» **Description of the task**:
Once the pictures are set aside, print the records that follow exactly as written.

+++ Exercise input +++

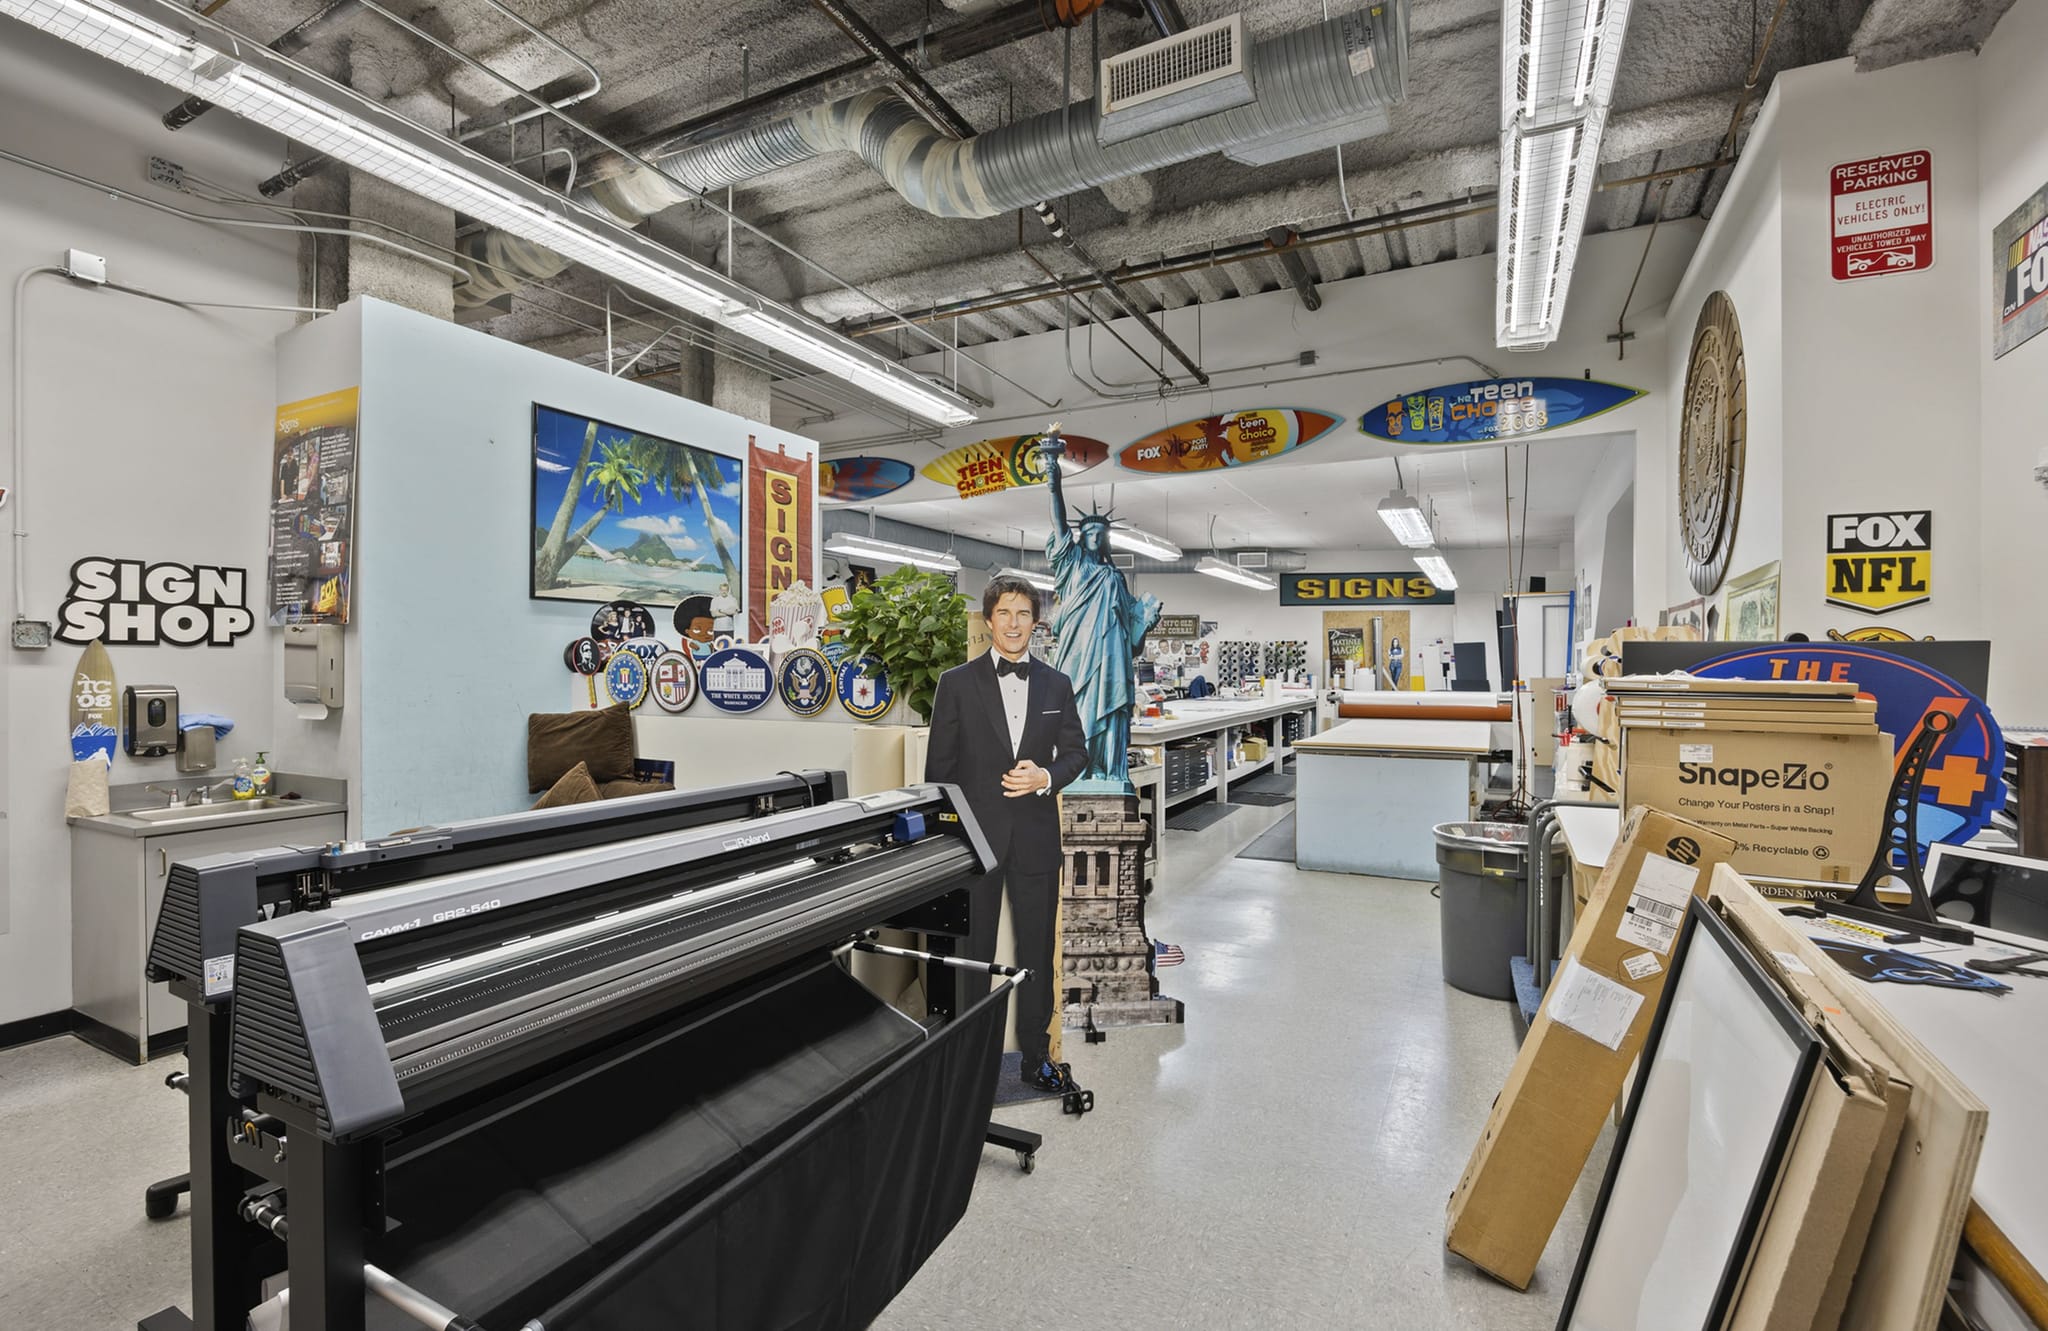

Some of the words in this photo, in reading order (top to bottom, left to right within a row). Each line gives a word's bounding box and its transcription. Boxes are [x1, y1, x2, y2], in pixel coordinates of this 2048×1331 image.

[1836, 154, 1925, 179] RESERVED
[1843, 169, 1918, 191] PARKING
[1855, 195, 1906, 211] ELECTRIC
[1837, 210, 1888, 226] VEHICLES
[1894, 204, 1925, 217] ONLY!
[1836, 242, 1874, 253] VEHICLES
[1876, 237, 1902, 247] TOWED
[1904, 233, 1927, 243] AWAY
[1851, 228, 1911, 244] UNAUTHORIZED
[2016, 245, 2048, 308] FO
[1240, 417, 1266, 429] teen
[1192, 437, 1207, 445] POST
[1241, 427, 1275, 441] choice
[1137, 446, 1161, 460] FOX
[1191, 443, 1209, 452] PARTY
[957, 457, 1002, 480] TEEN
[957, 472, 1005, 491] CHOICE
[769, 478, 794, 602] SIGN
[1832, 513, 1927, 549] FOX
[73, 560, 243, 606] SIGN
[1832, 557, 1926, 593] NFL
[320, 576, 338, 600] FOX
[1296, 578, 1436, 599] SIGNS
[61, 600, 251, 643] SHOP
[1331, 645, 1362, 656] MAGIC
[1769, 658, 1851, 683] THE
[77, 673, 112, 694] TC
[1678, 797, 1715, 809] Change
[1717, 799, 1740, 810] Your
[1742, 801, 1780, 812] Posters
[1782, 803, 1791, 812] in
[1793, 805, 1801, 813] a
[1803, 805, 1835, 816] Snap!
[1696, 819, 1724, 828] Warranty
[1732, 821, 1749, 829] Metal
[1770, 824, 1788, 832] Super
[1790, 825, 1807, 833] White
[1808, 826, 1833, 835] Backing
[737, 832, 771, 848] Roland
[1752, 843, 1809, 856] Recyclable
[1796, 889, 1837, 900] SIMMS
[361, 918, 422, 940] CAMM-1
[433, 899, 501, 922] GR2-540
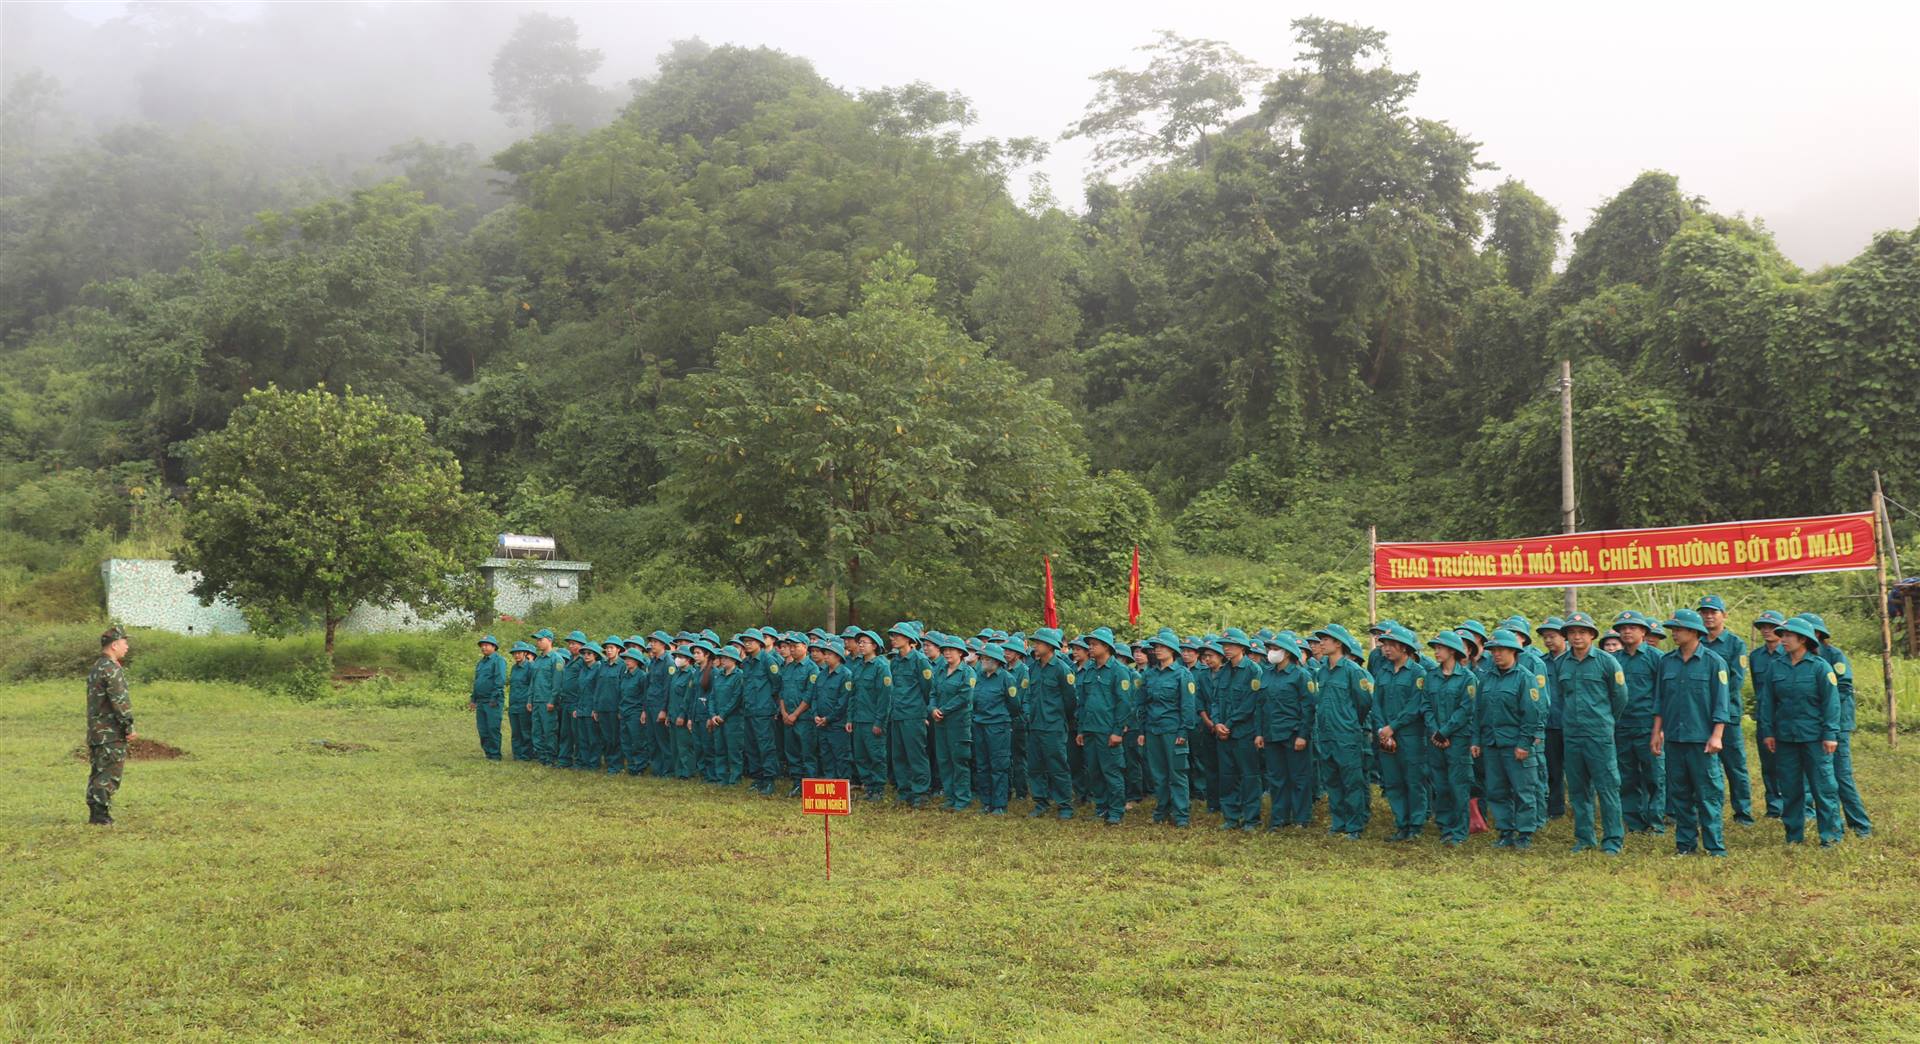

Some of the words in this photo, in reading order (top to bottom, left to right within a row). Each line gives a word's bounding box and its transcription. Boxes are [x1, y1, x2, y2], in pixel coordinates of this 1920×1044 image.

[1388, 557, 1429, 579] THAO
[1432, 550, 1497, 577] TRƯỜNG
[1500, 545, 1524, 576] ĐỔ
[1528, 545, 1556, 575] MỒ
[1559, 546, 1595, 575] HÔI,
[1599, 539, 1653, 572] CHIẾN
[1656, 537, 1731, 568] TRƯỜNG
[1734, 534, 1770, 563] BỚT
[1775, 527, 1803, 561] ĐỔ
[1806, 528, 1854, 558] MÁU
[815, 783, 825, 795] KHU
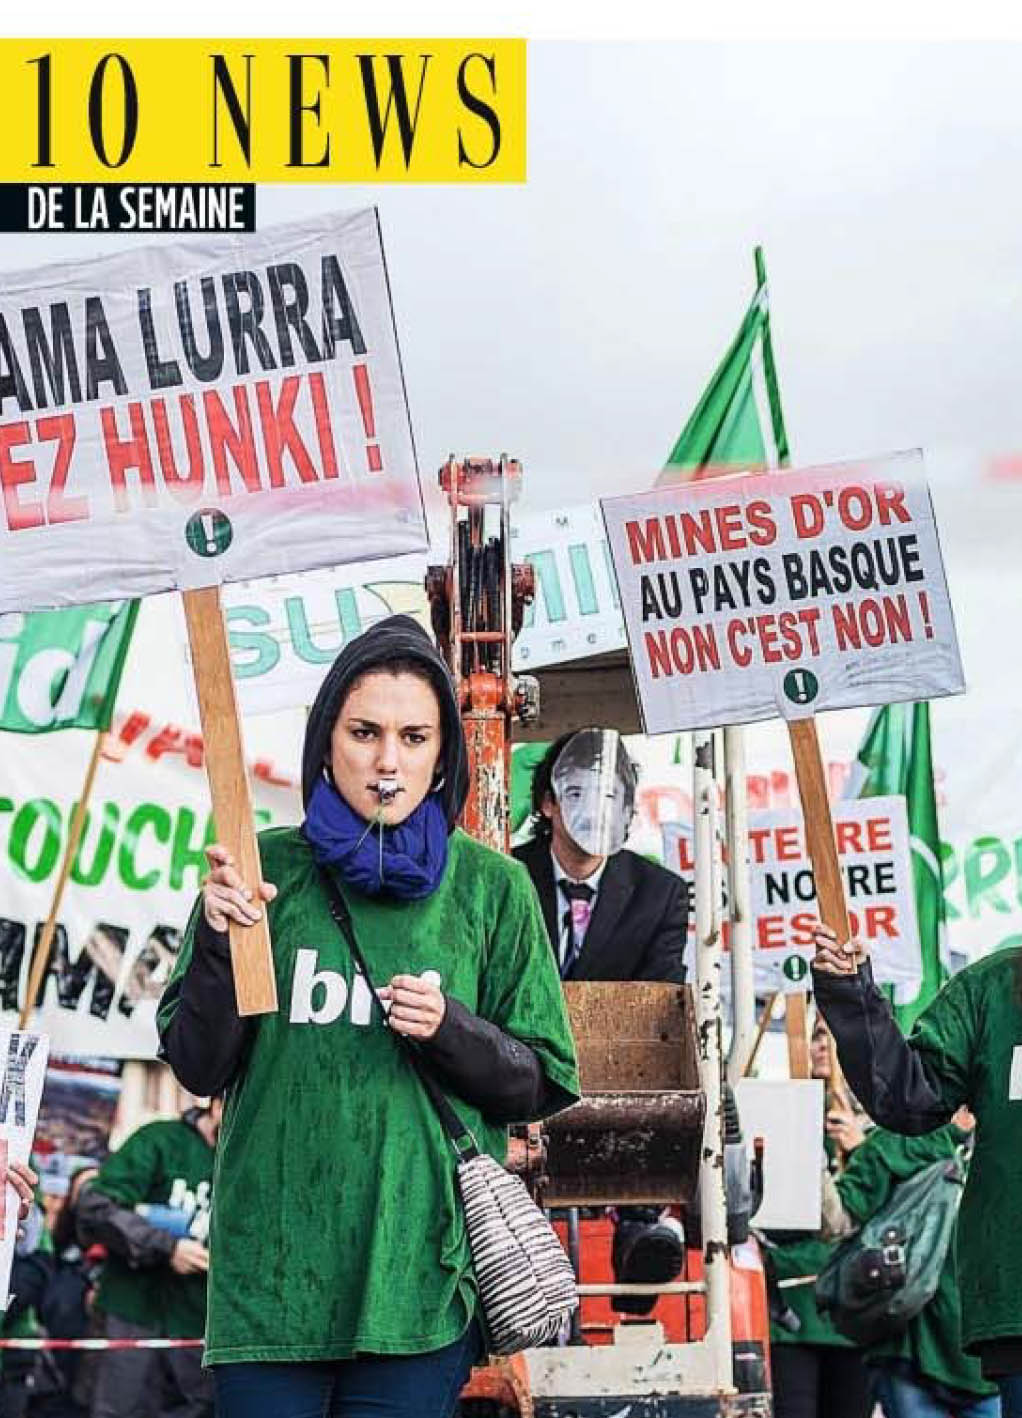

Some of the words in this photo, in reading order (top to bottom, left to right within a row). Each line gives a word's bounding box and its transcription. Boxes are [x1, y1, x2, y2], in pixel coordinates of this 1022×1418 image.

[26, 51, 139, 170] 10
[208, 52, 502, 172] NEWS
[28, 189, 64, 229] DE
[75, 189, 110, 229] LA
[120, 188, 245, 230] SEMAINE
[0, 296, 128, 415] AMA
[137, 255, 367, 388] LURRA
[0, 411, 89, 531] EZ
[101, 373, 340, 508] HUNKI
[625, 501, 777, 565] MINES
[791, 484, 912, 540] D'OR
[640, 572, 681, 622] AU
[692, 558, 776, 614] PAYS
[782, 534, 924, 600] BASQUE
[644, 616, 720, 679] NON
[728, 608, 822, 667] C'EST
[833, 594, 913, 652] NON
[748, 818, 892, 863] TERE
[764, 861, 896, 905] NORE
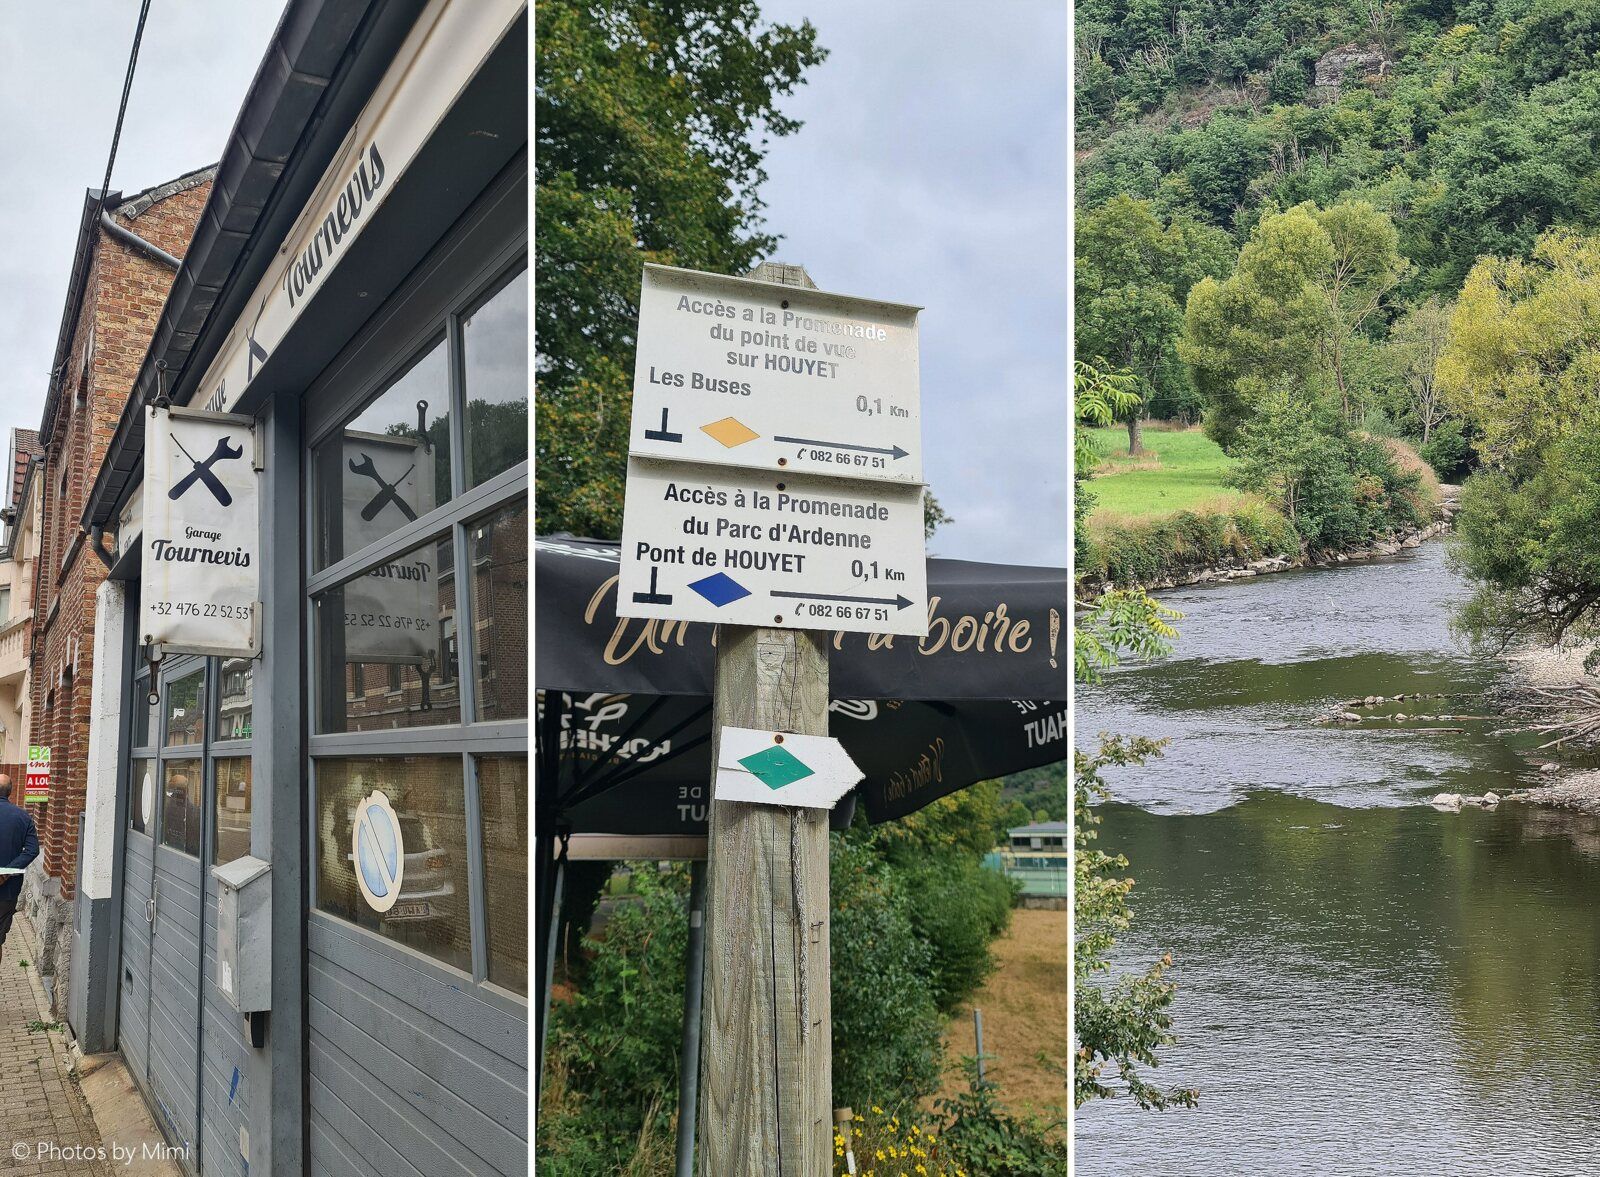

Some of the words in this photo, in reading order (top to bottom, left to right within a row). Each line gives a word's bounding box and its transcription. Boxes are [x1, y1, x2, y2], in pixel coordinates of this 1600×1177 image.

+++

» **Task response**:
Some of the words in this photo, in reading order (top to bottom, left to right within a row). Each line gives a word's bounding box and its transcription. Boxes are [x1, y1, x2, y2], in pixel coordinates of this 2048×1331 image.

[1836, 154, 1925, 179] RESERVED
[1843, 169, 1918, 191] PARKING
[1855, 195, 1906, 211] ELECTRIC
[1837, 210, 1888, 226] VEHICLES
[1894, 204, 1925, 217] ONLY!
[1836, 242, 1874, 253] VEHICLES
[1876, 237, 1902, 247] TOWED
[1904, 233, 1927, 243] AWAY
[1851, 228, 1911, 244] UNAUTHORIZED
[2016, 245, 2048, 308] FO
[1240, 417, 1266, 429] teen
[1192, 437, 1207, 445] POST
[1241, 427, 1275, 441] choice
[1137, 446, 1161, 460] FOX
[1191, 443, 1209, 452] PARTY
[957, 457, 1002, 480] TEEN
[957, 472, 1005, 491] CHOICE
[769, 478, 794, 602] SIGN
[1832, 513, 1927, 549] FOX
[73, 560, 243, 606] SIGN
[1832, 557, 1926, 593] NFL
[320, 576, 338, 600] FOX
[1296, 578, 1436, 599] SIGNS
[61, 600, 251, 643] SHOP
[1331, 645, 1362, 656] MAGIC
[1769, 658, 1851, 683] THE
[77, 673, 112, 694] TC
[1678, 797, 1715, 809] Change
[1717, 799, 1740, 810] Your
[1742, 801, 1780, 812] Posters
[1782, 803, 1791, 812] in
[1793, 805, 1801, 813] a
[1803, 805, 1835, 816] Snap!
[1696, 819, 1724, 828] Warranty
[1732, 821, 1749, 829] Metal
[1770, 824, 1788, 832] Super
[1790, 825, 1807, 833] White
[1808, 826, 1833, 835] Backing
[737, 832, 771, 848] Roland
[1752, 843, 1809, 856] Recyclable
[1796, 889, 1837, 900] SIMMS
[361, 918, 422, 940] CAMM-1
[433, 899, 501, 922] GR2-540

Some of the words in this photo, in reading order (top to bottom, left to right within a row). Each line gives a word's bounding box and its transcription. Boxes are [x1, y1, x2, y2], in pixel coordinates of this 1920×1044 image.

[1388, 557, 1429, 579] THAO
[1432, 550, 1497, 577] TRƯỜNG
[1500, 545, 1524, 576] ĐỔ
[1528, 545, 1556, 575] MỒ
[1559, 546, 1595, 575] HÔI,
[1599, 539, 1653, 572] CHIẾN
[1656, 537, 1731, 568] TRƯỜNG
[1734, 534, 1770, 563] BỚT
[1775, 527, 1803, 561] ĐỔ
[1806, 528, 1854, 558] MÁU
[815, 783, 825, 795] KHU

Some of the words in this photo, in reading order (top to bottom, left to right within a row). Each line gives a word's bounding box and its transcription. Boxes are [x1, y1, x2, y2], in pixel coordinates of this 1022×1418 image.

[26, 51, 139, 170] 10
[208, 52, 502, 172] NEWS
[28, 189, 64, 229] DE
[75, 189, 110, 229] LA
[120, 188, 245, 230] SEMAINE
[0, 296, 128, 415] AMA
[137, 255, 367, 388] LURRA
[0, 411, 89, 531] EZ
[101, 373, 340, 508] HUNKI
[625, 501, 777, 565] MINES
[791, 484, 912, 540] D'OR
[640, 572, 681, 622] AU
[692, 558, 776, 614] PAYS
[782, 534, 924, 600] BASQUE
[644, 616, 720, 679] NON
[728, 608, 822, 667] C'EST
[833, 594, 913, 652] NON
[748, 818, 892, 863] TERE
[764, 861, 896, 905] NORE

Some of the words in this photo, in reading order (top to bottom, left to right within a row). Each line gives a word's bounding box and its transcription. Boxes are [x1, y1, x2, y2], in pixel coordinates of this 1600×1177 image.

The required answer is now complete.